TL; DR Yes I like the game still, I like it a lot.

Thanks for starting this "enjoy the game" thread. Many of the other threads are die, death, hate, lies, sucks. I'm not going post or ask questions over there. The dude abides.

Yes, I like NMS too. I find it strangely peaceful, but I can't explain why. Maybe its the music or the pretty graphics. It might be because I'm not getting killed every 15 minutes. Or not stressing out over the wild competitivness that some multiplayer games can bring. There is something I like about NMS but I can't put a name to it. I do like gaming solo and the good old days of hard rocking shooters was over for me a very long time ago.

This game could be so much more. If you have 18 quintillion planets you probably shouldn't run out of tech upgrades or new words to learn so soon.

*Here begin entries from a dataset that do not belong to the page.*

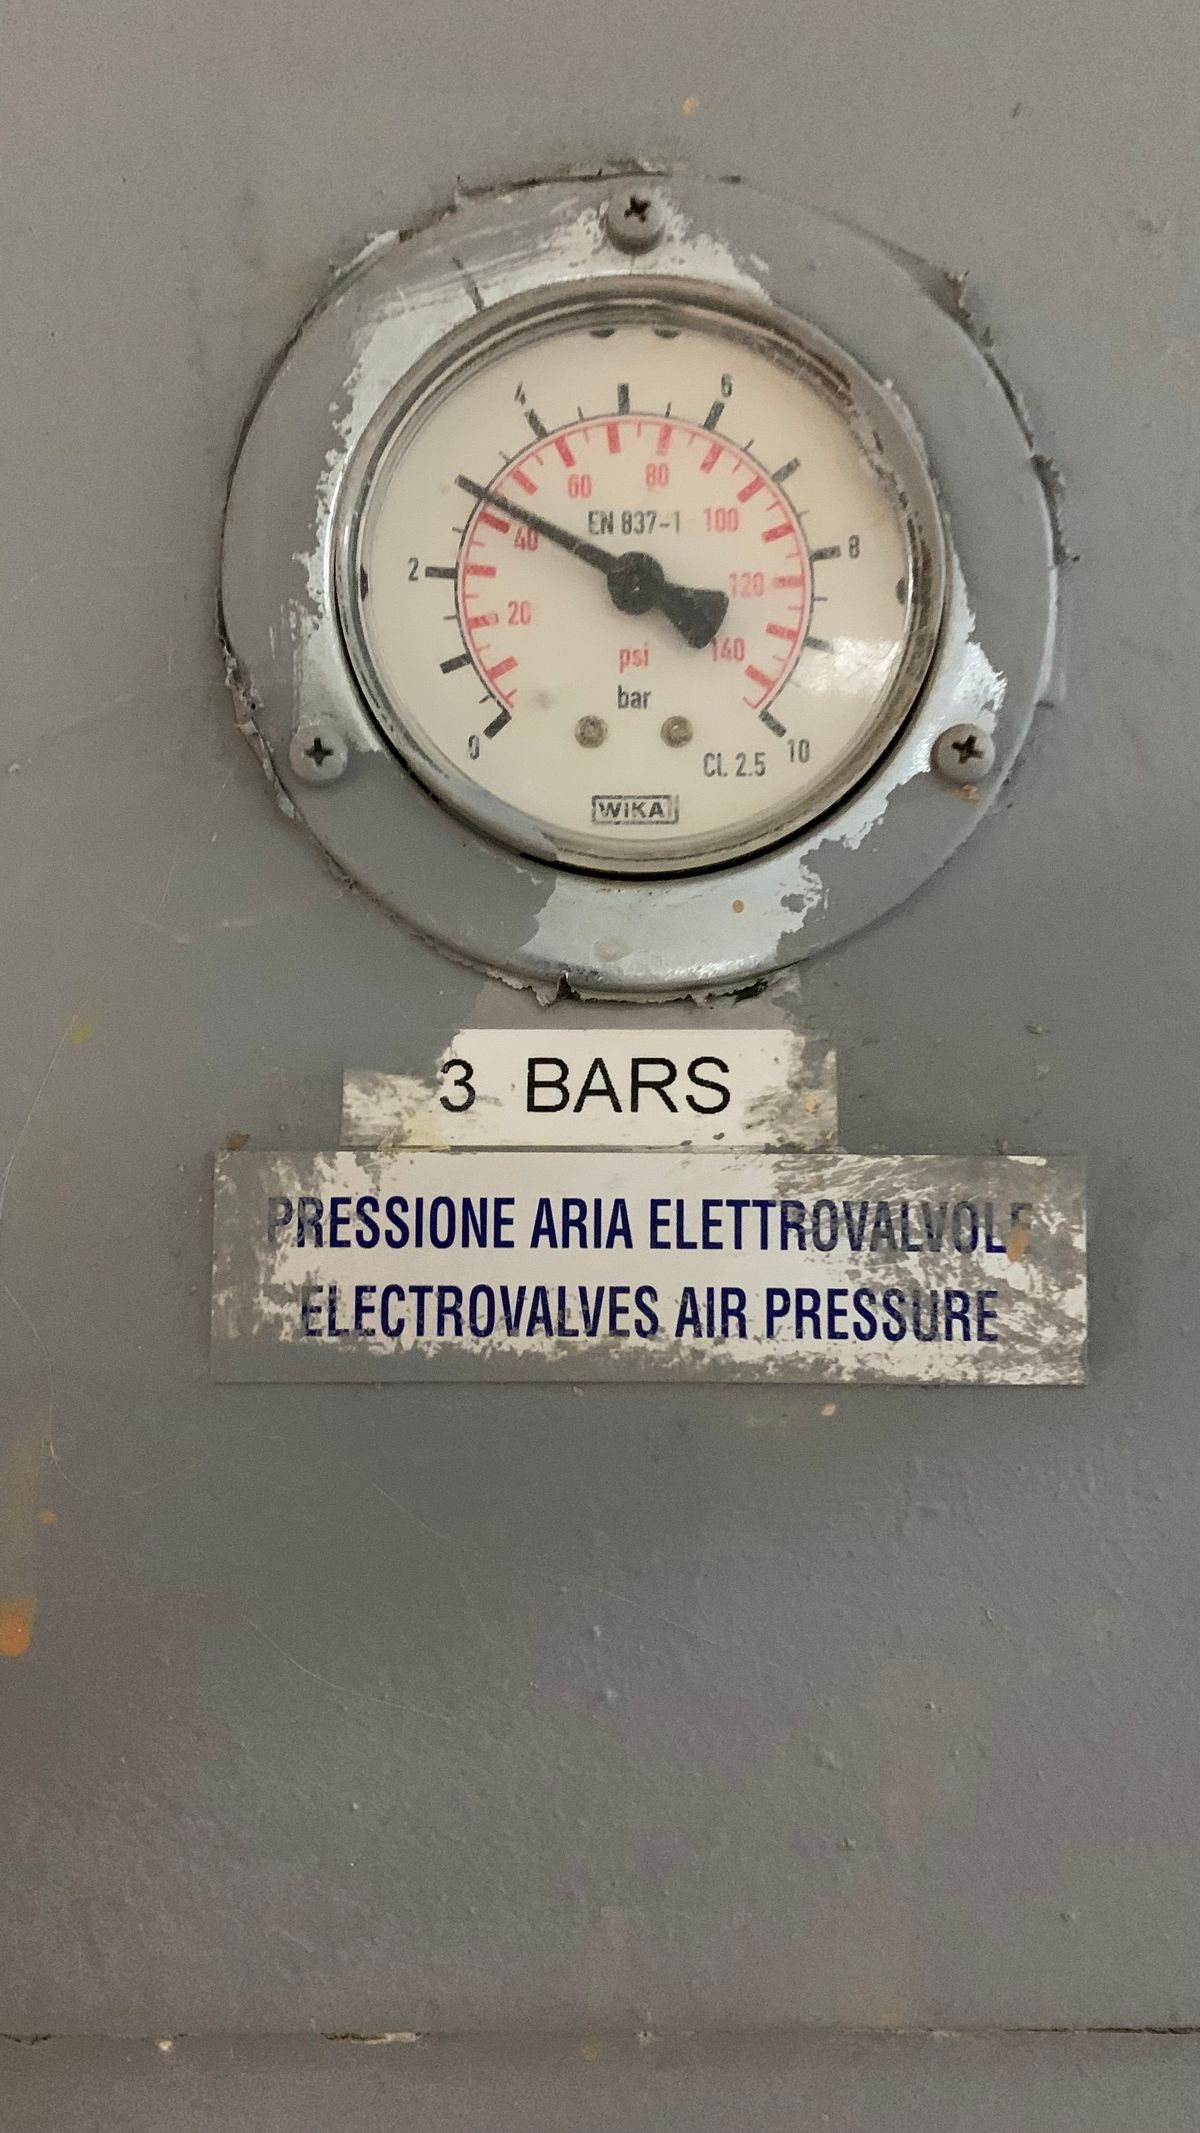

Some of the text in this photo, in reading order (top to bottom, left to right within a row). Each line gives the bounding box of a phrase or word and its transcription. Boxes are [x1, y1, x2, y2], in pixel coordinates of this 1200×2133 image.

[513, 381, 529, 405] 4
[720, 373, 733, 398] 6
[568, 475, 592, 497] 60
[645, 464, 670, 488] 80
[588, 511, 681, 534] EN 837-1
[704, 508, 739, 532] 100
[514, 530, 539, 551] 40
[848, 535, 861, 559] 8
[407, 557, 419, 582] 2
[729, 573, 764, 597] 120
[508, 601, 532, 624] 20
[618, 643, 650, 674] psi
[709, 638, 745, 663] 140
[617, 686, 652, 710] bar
[467, 735, 481, 761] 0
[789, 740, 810, 763] 10
[736, 752, 766, 777] 2.5
[598, 801, 666, 819] WIKA
[439, 1057, 731, 1114] 3 BARS
[267, 1196, 515, 1249] PRESSIONE
[530, 1198, 633, 1249] ARIA
[301, 1284, 999, 1342] ELECTROVALVES AIR PRESSURE

To be fair about the tech upgrades, maxed grenades and maxed lasers have gotten me into and out of many caves and have easily resolved a few conflicts. I can also say I had contact with 3 NPC's in a row that made very strange statements. That made me hope that something else was going on in this game besides exploration. So far nothing has come of it and all the NPC's have made normal statements since then. And I hope that one day we find out that the planetside portals actually do something. I wish the save game system wasn't so limited. It keeps me from being more aggressive in my exploration. I take really long planetside walks and don't always seek out shelters to make game saves.

The only technical problem I have had with the game was was being dumped to the desktop on very rare occasions. Sometimes it was my fault I hit the windows key when trying to sprint. I played the 2.0.0.2 beta patch for a while and am playing the 1.09 patch (its better for me) now with no issues. Either I'm not being critical enough or maybe I'm just lucky. No. Wait, you have to press and HOLD the "e" key to initialize the game the very first time. Ya, I had to get on my phone to look that one up. I though I had some critical failure. So thats 2 things I had techical trouble with.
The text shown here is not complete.